━━━ Excerpted records

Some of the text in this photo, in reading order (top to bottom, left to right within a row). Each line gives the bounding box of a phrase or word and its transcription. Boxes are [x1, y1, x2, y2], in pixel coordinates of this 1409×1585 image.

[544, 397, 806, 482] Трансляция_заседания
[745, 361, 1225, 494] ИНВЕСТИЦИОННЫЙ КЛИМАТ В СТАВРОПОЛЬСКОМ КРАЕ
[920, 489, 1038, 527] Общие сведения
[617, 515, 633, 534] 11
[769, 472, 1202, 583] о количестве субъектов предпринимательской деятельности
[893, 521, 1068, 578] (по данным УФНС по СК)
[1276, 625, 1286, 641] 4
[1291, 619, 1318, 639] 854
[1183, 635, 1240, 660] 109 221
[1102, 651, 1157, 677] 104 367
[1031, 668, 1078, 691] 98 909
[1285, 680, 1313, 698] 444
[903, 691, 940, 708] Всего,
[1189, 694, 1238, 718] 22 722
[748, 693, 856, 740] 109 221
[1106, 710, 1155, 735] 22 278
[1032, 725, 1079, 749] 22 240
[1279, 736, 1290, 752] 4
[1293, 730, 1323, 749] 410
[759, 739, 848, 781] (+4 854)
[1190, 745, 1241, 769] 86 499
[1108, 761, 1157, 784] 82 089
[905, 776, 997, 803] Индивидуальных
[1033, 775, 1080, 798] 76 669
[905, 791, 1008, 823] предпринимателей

━━━━━━
━━━ Excerpted records

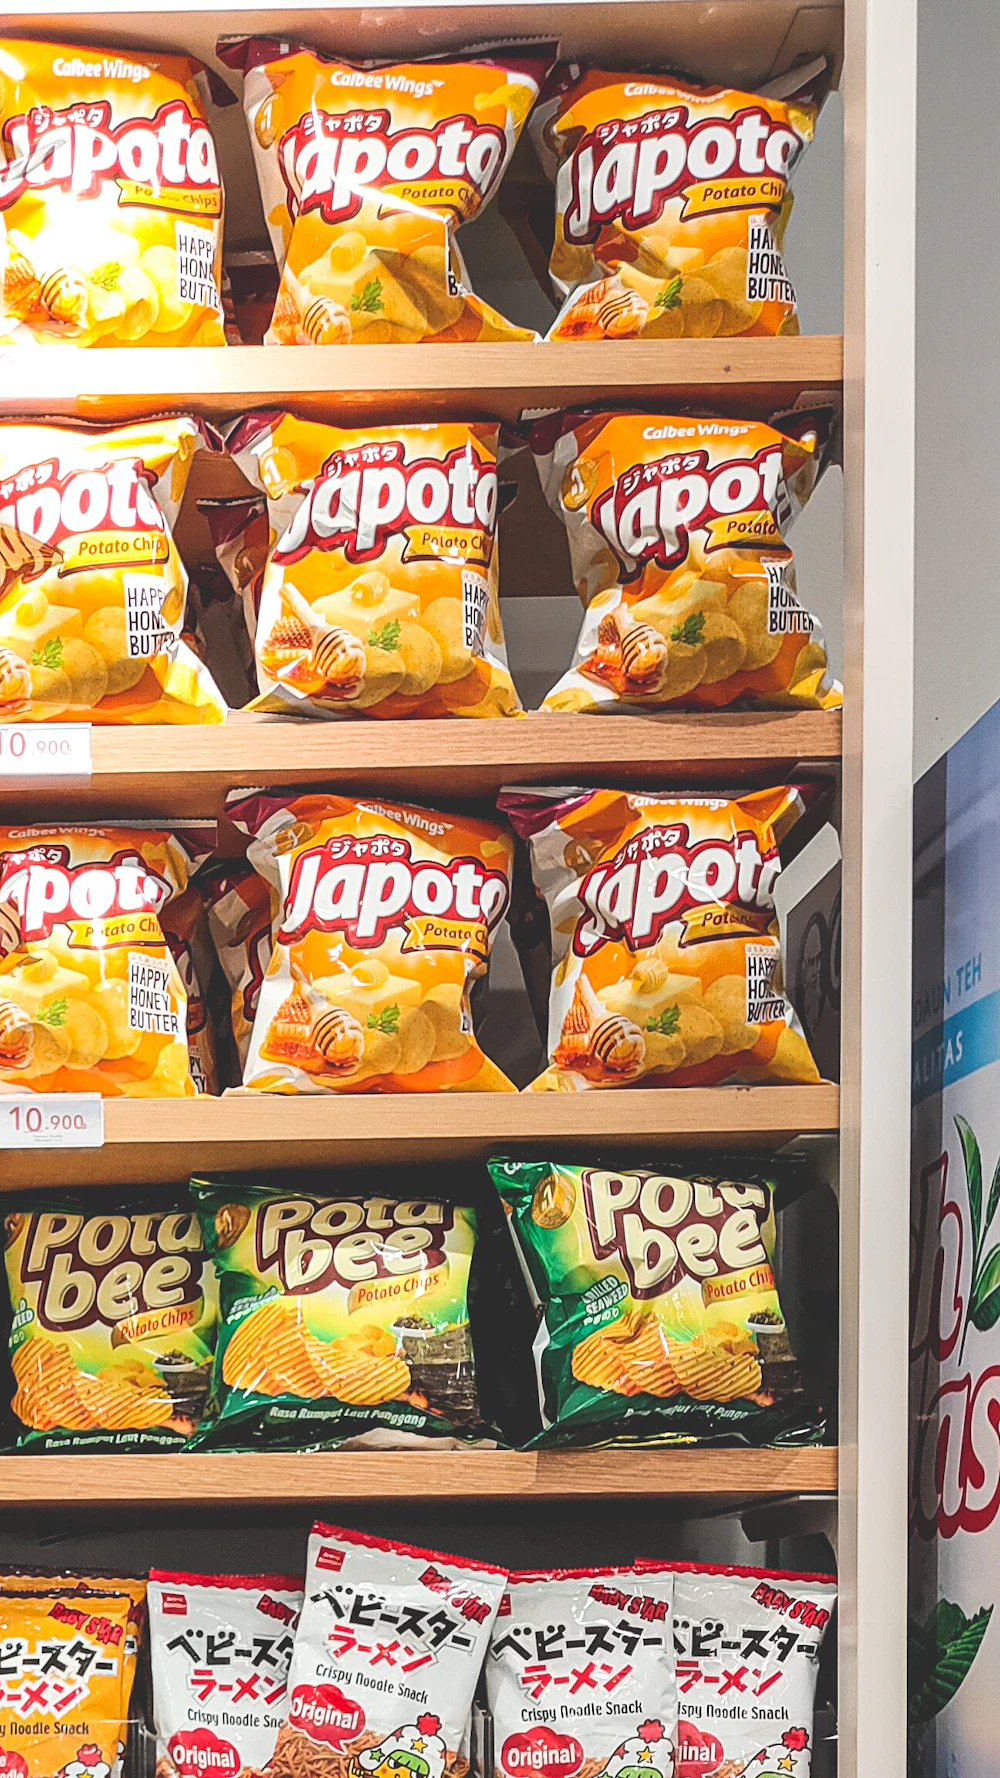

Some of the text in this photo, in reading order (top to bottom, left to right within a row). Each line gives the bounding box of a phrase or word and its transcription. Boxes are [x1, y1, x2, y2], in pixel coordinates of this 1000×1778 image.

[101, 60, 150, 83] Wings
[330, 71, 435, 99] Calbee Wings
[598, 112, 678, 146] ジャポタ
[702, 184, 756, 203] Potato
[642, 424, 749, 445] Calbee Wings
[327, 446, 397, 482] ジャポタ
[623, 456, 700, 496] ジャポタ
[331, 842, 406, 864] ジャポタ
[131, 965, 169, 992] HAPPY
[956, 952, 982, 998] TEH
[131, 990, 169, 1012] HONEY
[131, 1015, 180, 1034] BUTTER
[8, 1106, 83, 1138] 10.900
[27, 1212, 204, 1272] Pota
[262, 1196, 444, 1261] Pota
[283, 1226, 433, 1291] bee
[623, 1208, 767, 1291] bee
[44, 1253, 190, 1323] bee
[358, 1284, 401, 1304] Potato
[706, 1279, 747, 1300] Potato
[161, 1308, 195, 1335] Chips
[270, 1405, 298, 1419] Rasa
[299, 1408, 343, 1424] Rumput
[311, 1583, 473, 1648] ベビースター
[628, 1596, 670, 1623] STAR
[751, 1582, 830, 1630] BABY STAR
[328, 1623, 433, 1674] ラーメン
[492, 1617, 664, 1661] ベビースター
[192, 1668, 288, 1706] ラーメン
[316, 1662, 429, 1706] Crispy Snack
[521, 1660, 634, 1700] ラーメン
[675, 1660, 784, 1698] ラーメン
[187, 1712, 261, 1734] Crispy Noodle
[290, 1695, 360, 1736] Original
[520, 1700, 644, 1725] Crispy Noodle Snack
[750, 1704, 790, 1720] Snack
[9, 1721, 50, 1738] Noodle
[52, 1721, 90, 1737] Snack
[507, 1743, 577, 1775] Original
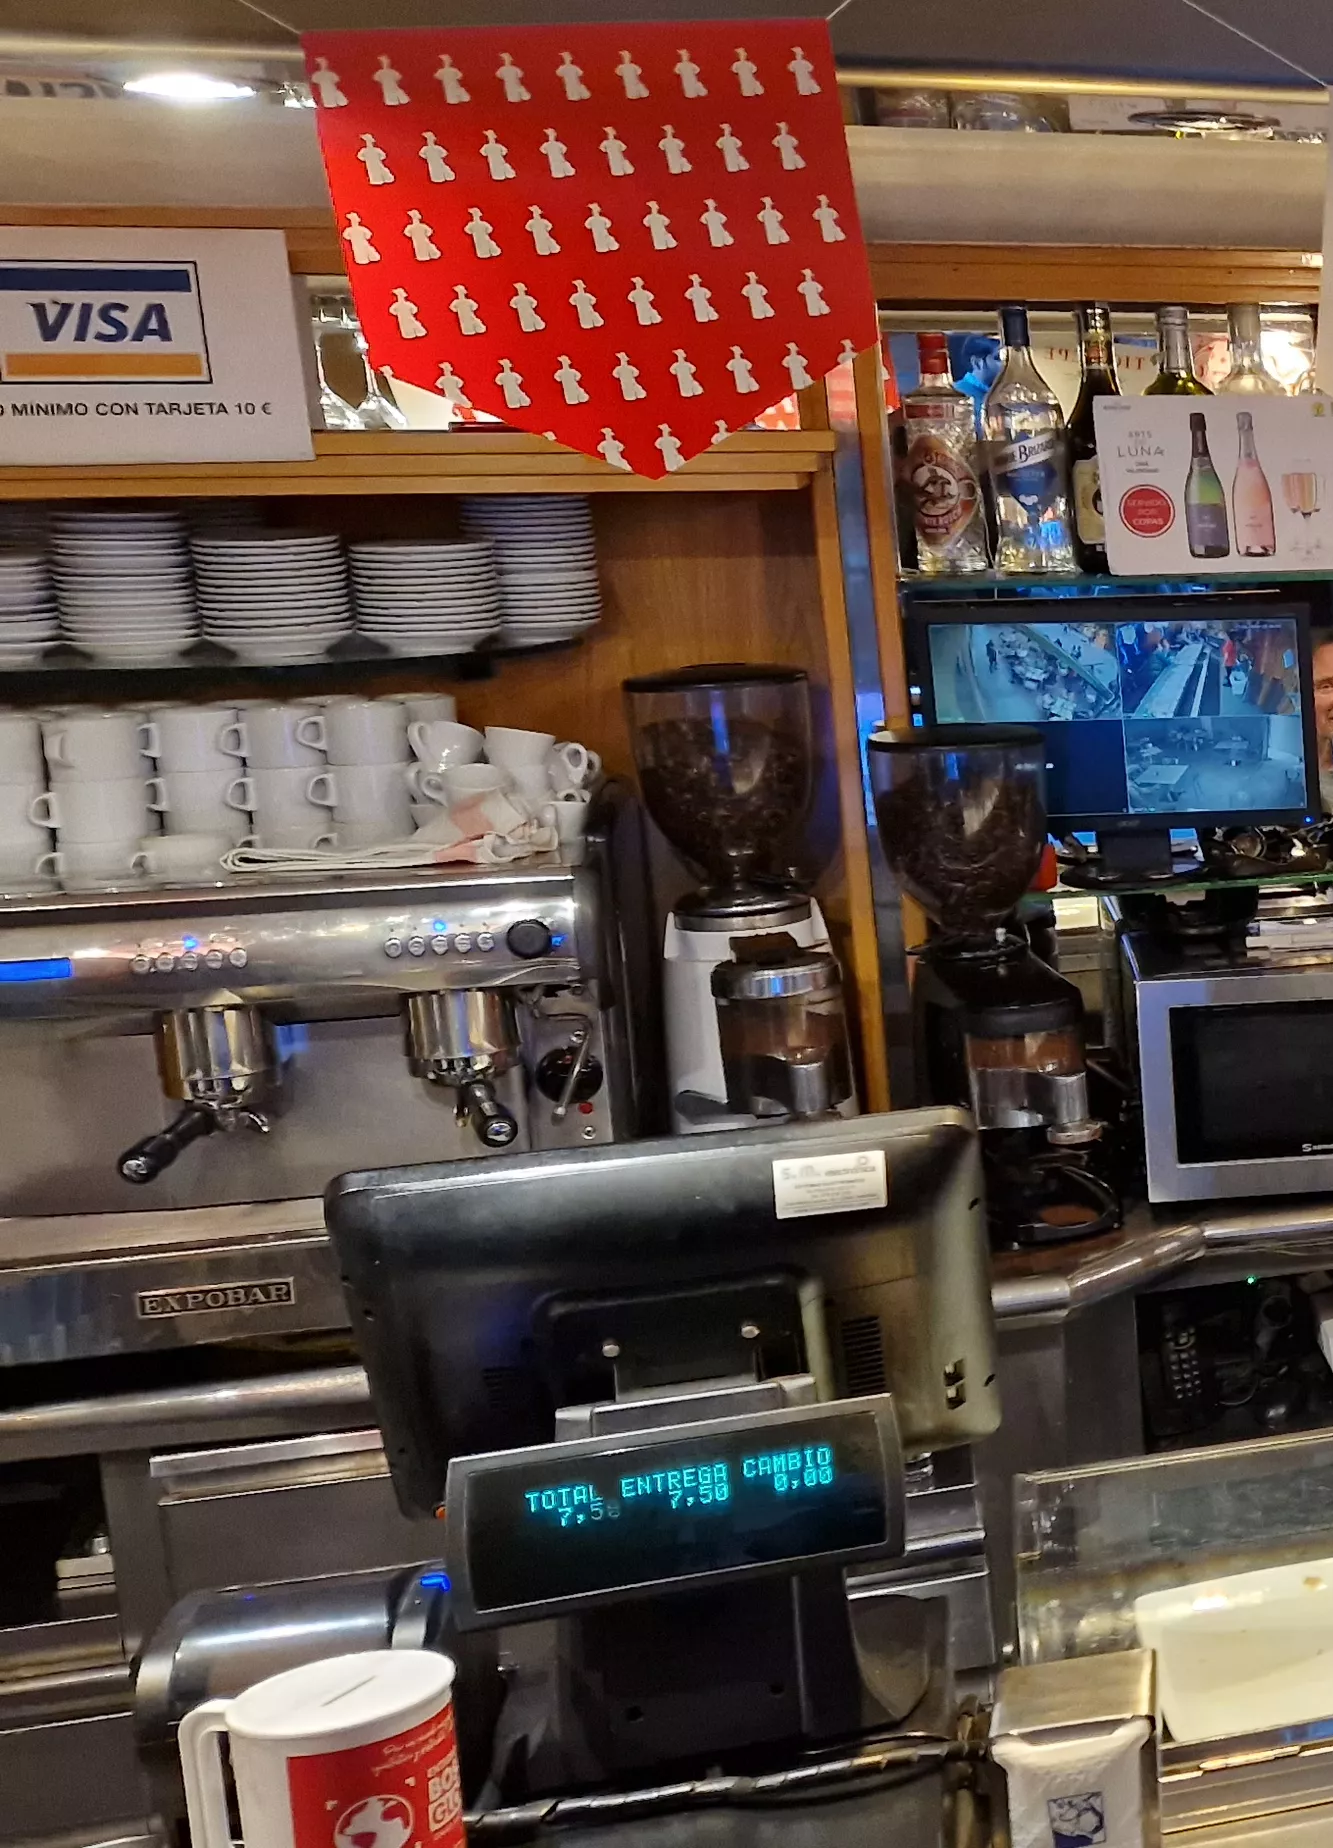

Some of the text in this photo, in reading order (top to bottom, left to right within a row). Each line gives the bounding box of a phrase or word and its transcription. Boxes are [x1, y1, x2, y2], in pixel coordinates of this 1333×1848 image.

━━━━━━
━━━ Excerpted records

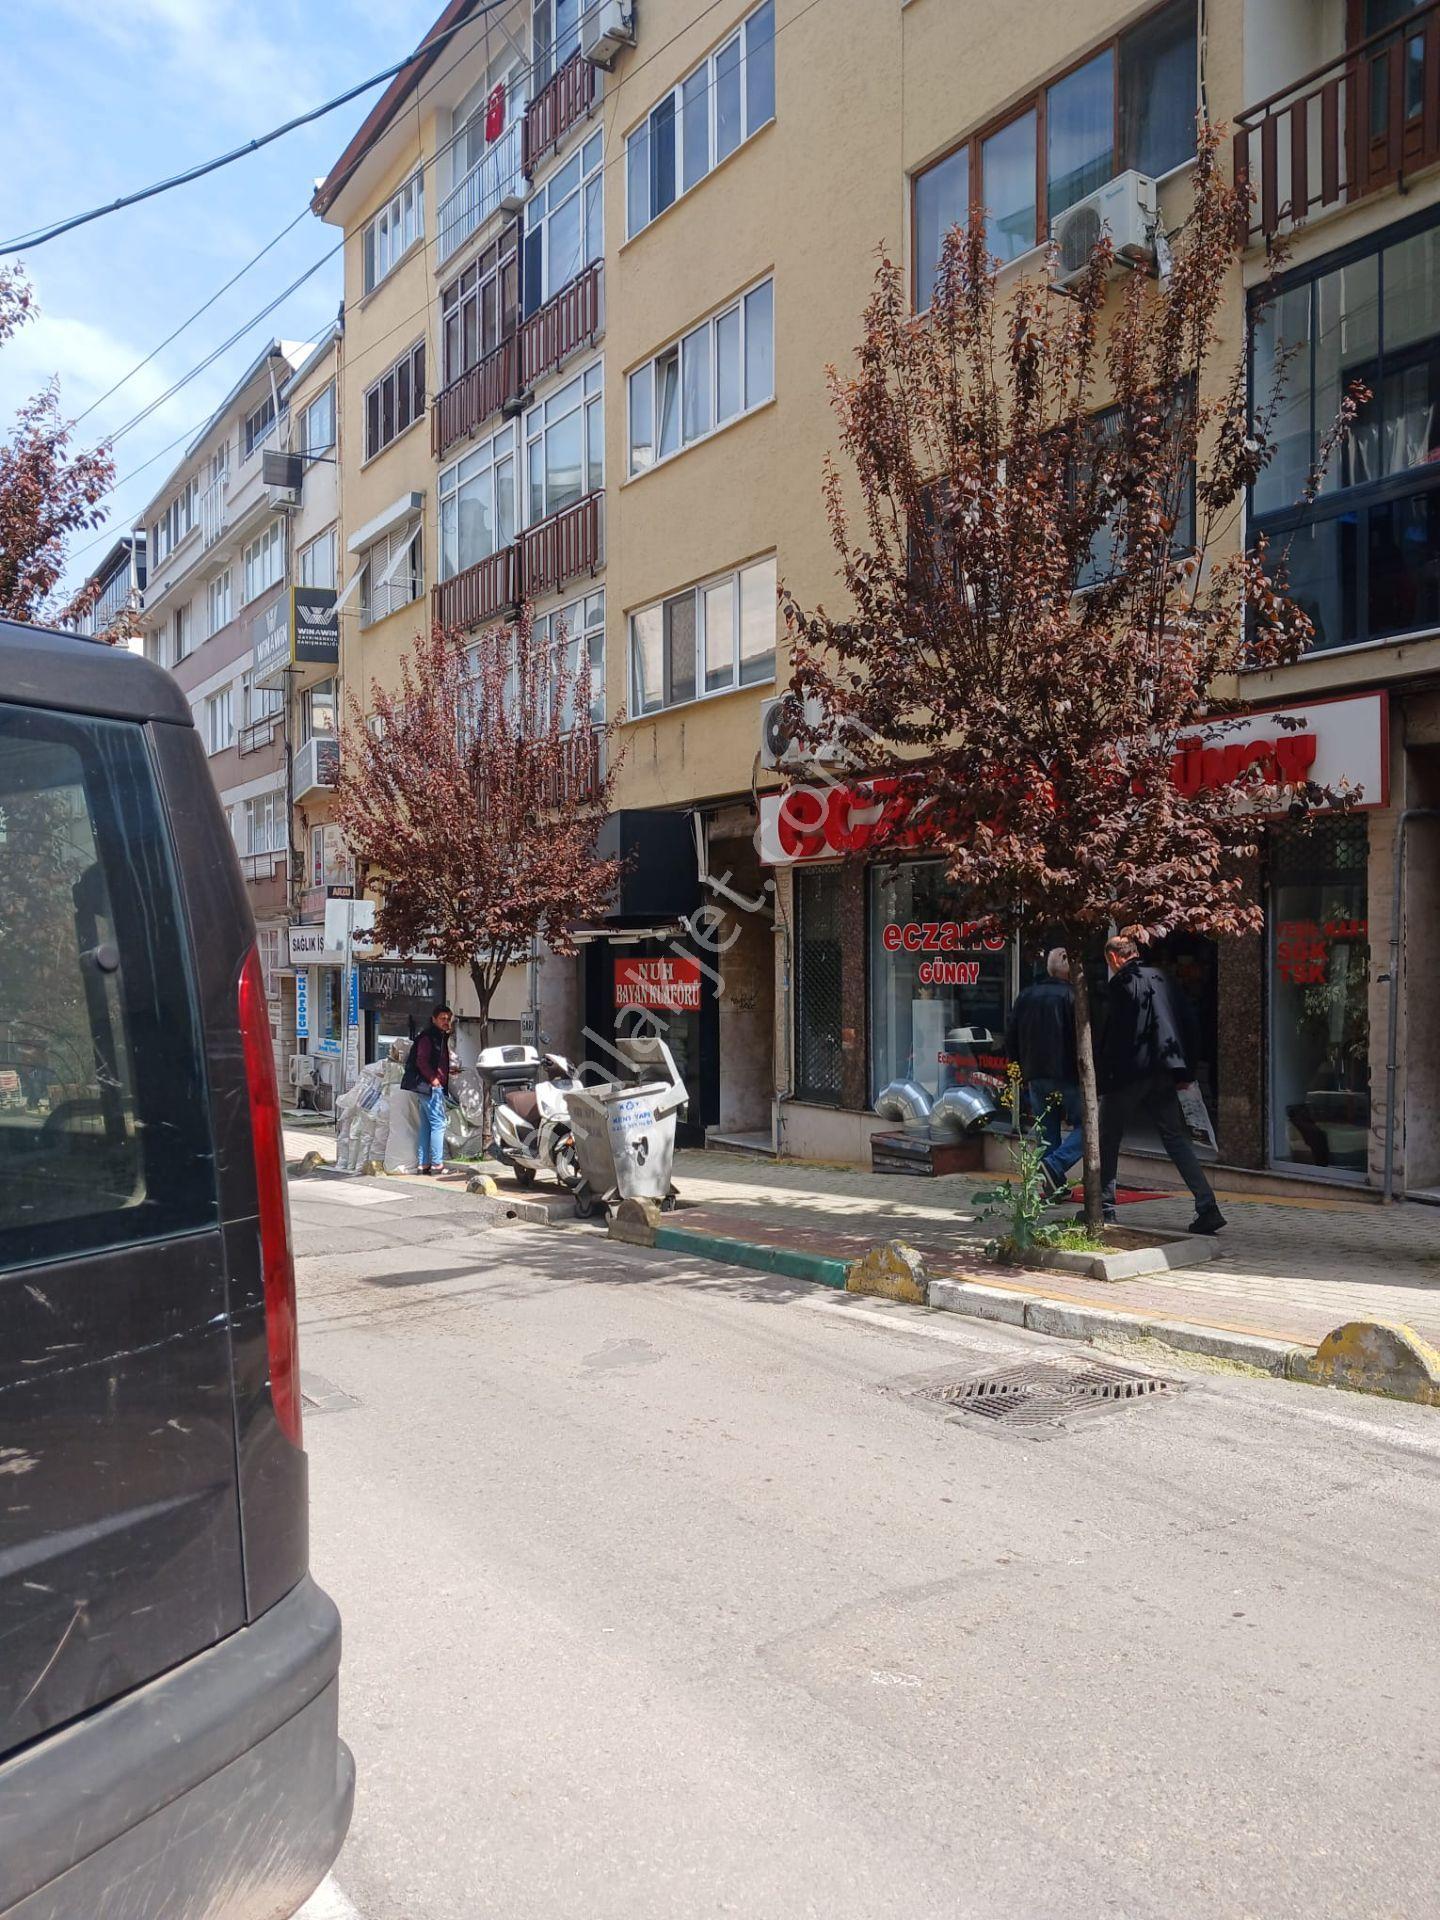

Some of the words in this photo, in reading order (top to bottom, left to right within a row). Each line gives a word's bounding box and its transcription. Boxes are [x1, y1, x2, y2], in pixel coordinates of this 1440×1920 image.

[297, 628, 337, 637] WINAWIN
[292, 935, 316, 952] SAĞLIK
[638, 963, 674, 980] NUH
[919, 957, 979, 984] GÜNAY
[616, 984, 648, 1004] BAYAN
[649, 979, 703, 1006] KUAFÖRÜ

━━━━━━

Activity.
What should come back is an exact copy of the lines above from the line with "this 1000×1778 image." to the line with "this 1333×1848 image.", both included, minus the pictures.

Response box.
Some of the text in this photo, in reading order (top to bottom, left to right within a row). Each line gives the bounding box of a phrase or word and its transcription. Boxes are [x1, y1, x2, y2], in pixel coordinates of this 1000×1778 image.

[101, 60, 150, 83] Wings
[330, 71, 435, 99] Calbee Wings
[598, 112, 678, 146] ジャポタ
[702, 184, 756, 203] Potato
[642, 424, 749, 445] Calbee Wings
[327, 446, 397, 482] ジャポタ
[623, 456, 700, 496] ジャポタ
[331, 842, 406, 864] ジャポタ
[131, 965, 169, 992] HAPPY
[956, 952, 982, 998] TEH
[131, 990, 169, 1012] HONEY
[131, 1015, 180, 1034] BUTTER
[8, 1106, 83, 1138] 10.900
[27, 1212, 204, 1272] Pota
[262, 1196, 444, 1261] Pota
[283, 1226, 433, 1291] bee
[623, 1208, 767, 1291] bee
[44, 1253, 190, 1323] bee
[358, 1284, 401, 1304] Potato
[706, 1279, 747, 1300] Potato
[161, 1308, 195, 1335] Chips
[270, 1405, 298, 1419] Rasa
[299, 1408, 343, 1424] Rumput
[311, 1583, 473, 1648] ベビースター
[628, 1596, 670, 1623] STAR
[751, 1582, 830, 1630] BABY STAR
[328, 1623, 433, 1674] ラーメン
[492, 1617, 664, 1661] ベビースター
[192, 1668, 288, 1706] ラーメン
[316, 1662, 429, 1706] Crispy Snack
[521, 1660, 634, 1700] ラーメン
[675, 1660, 784, 1698] ラーメン
[187, 1712, 261, 1734] Crispy Noodle
[290, 1695, 360, 1736] Original
[520, 1700, 644, 1725] Crispy Noodle Snack
[750, 1704, 790, 1720] Snack
[9, 1721, 50, 1738] Noodle
[52, 1721, 90, 1737] Snack
[507, 1743, 577, 1775] Original

Some of the text in this photo, in reading order (top to bottom, left to right within a row). Each line gives the bounding box of a phrase or word and its transcription. Boxes are [x1, y1, x2, y2], in pixel coordinates of this 1333×1848 image.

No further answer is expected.